───── Provided data ─────
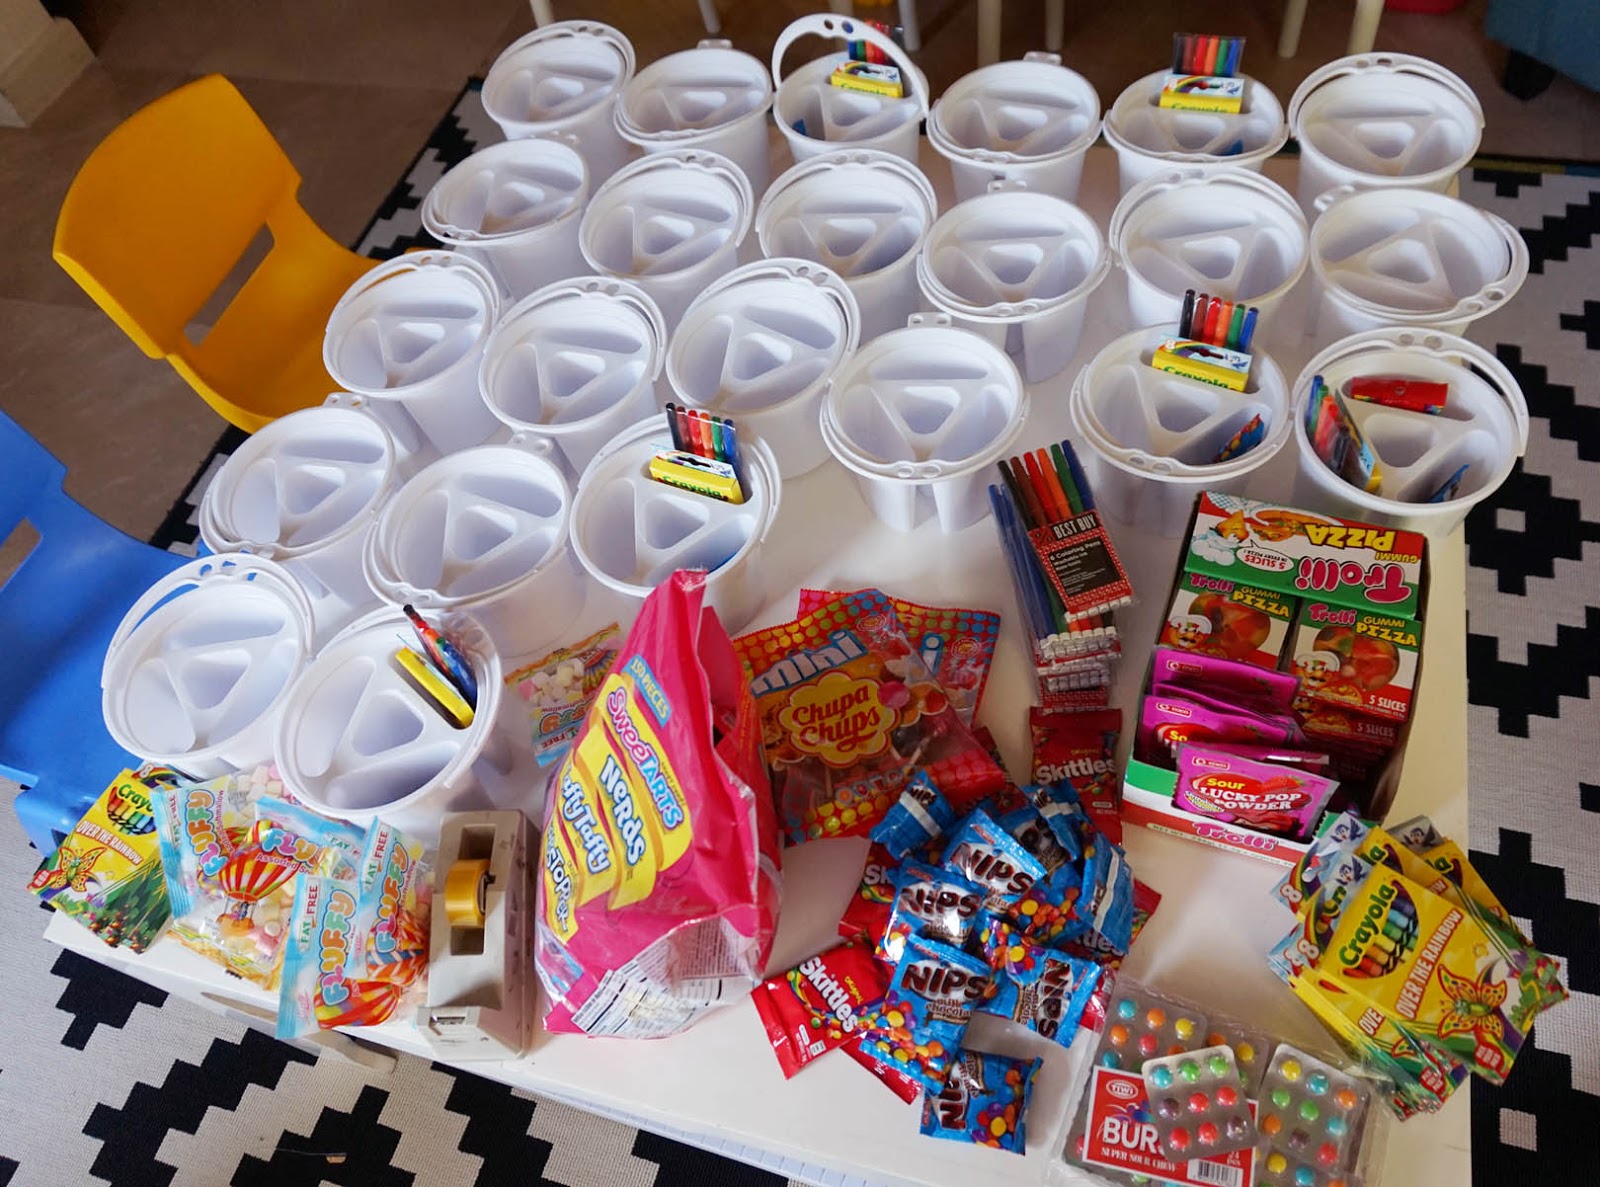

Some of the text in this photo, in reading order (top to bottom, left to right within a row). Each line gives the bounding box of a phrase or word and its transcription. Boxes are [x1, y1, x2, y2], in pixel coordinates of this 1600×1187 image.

[1053, 514, 1097, 539] BEST BUY
[1305, 523, 1396, 552] PIZZA
[1244, 554, 1286, 570] 5 SLICES
[1375, 552, 1418, 564] GUMMI
[1190, 573, 1235, 593] Trolli
[1240, 586, 1280, 600] GUMMI
[1294, 557, 1412, 603] Trolli
[1232, 591, 1290, 617] PIZZA
[1308, 603, 1357, 624] Trolli
[1356, 622, 1418, 647] PIZZA
[1363, 616, 1405, 628] GUMMI
[750, 630, 868, 698] mini
[630, 659, 668, 719] 150 PIECES
[792, 685, 869, 726] Chupa
[1369, 695, 1376, 705] 5
[1377, 697, 1407, 712] SLICES
[799, 706, 881, 753] Chups
[1170, 730, 1188, 742] So
[1366, 724, 1394, 738] SLICES
[139, 764, 154, 779] 8
[1035, 757, 1115, 785] Skittles
[1206, 778, 1246, 790] Sour
[1200, 787, 1260, 803] LUCKY
[1263, 792, 1302, 803] POP
[76, 820, 143, 865] OVER THE RAINBOW
[261, 827, 320, 867] FLU
[330, 836, 351, 850] FAT
[1192, 822, 1279, 851] Trolli
[256, 853, 298, 870] Assorted
[365, 831, 388, 885] FAT FREE
[951, 842, 1035, 895] NIPS
[898, 886, 982, 918] NIPS
[1280, 884, 1302, 903] 8
[300, 885, 318, 944] FAT FREE
[1340, 884, 1395, 966] Crayola
[1298, 938, 1320, 958] 8
[1421, 909, 1463, 964] RAINBOW
[901, 964, 990, 999] NIPS
[1409, 960, 1433, 987] THE
[799, 956, 859, 1033] Skittles
[1037, 958, 1071, 1038] NIPS
[1396, 982, 1424, 1019] OVER
[1358, 1008, 1385, 1036] OVE
[1111, 1083, 1134, 1095] TIWI
[1102, 1116, 1165, 1156] BUR
[1100, 1147, 1128, 1161] SUPER
[1129, 1153, 1152, 1165] SOUR
─────
Activity: Produce an exact copy of each line of data, skipping embedded images.

Exercise result:
Some of the text in this photo, in reading order (top to bottom, left to right within a row). Each line gives the bounding box of a phrase or word and its transcription. Boxes are [x1, y1, x2, y2], in pixel coordinates of this 1600×1187 image.

[1053, 514, 1097, 539] BEST BUY
[1305, 523, 1396, 552] PIZZA
[1244, 554, 1286, 570] 5 SLICES
[1375, 552, 1418, 564] GUMMI
[1190, 573, 1235, 593] Trolli
[1240, 586, 1280, 600] GUMMI
[1294, 557, 1412, 603] Trolli
[1232, 591, 1290, 617] PIZZA
[1308, 603, 1357, 624] Trolli
[1356, 622, 1418, 647] PIZZA
[1363, 616, 1405, 628] GUMMI
[750, 630, 868, 698] mini
[630, 659, 668, 719] 150 PIECES
[792, 685, 869, 726] Chupa
[1369, 695, 1376, 705] 5
[1377, 697, 1407, 712] SLICES
[799, 706, 881, 753] Chups
[1170, 730, 1188, 742] So
[1366, 724, 1394, 738] SLICES
[139, 764, 154, 779] 8
[1035, 757, 1115, 785] Skittles
[1206, 778, 1246, 790] Sour
[1200, 787, 1260, 803] LUCKY
[1263, 792, 1302, 803] POP
[76, 820, 143, 865] OVER THE RAINBOW
[261, 827, 320, 867] FLU
[330, 836, 351, 850] FAT
[1192, 822, 1279, 851] Trolli
[256, 853, 298, 870] Assorted
[365, 831, 388, 885] FAT FREE
[951, 842, 1035, 895] NIPS
[898, 886, 982, 918] NIPS
[1280, 884, 1302, 903] 8
[300, 885, 318, 944] FAT FREE
[1340, 884, 1395, 966] Crayola
[1298, 938, 1320, 958] 8
[1421, 909, 1463, 964] RAINBOW
[901, 964, 990, 999] NIPS
[1409, 960, 1433, 987] THE
[799, 956, 859, 1033] Skittles
[1037, 958, 1071, 1038] NIPS
[1396, 982, 1424, 1019] OVER
[1358, 1008, 1385, 1036] OVE
[1111, 1083, 1134, 1095] TIWI
[1102, 1116, 1165, 1156] BUR
[1100, 1147, 1128, 1161] SUPER
[1129, 1153, 1152, 1165] SOUR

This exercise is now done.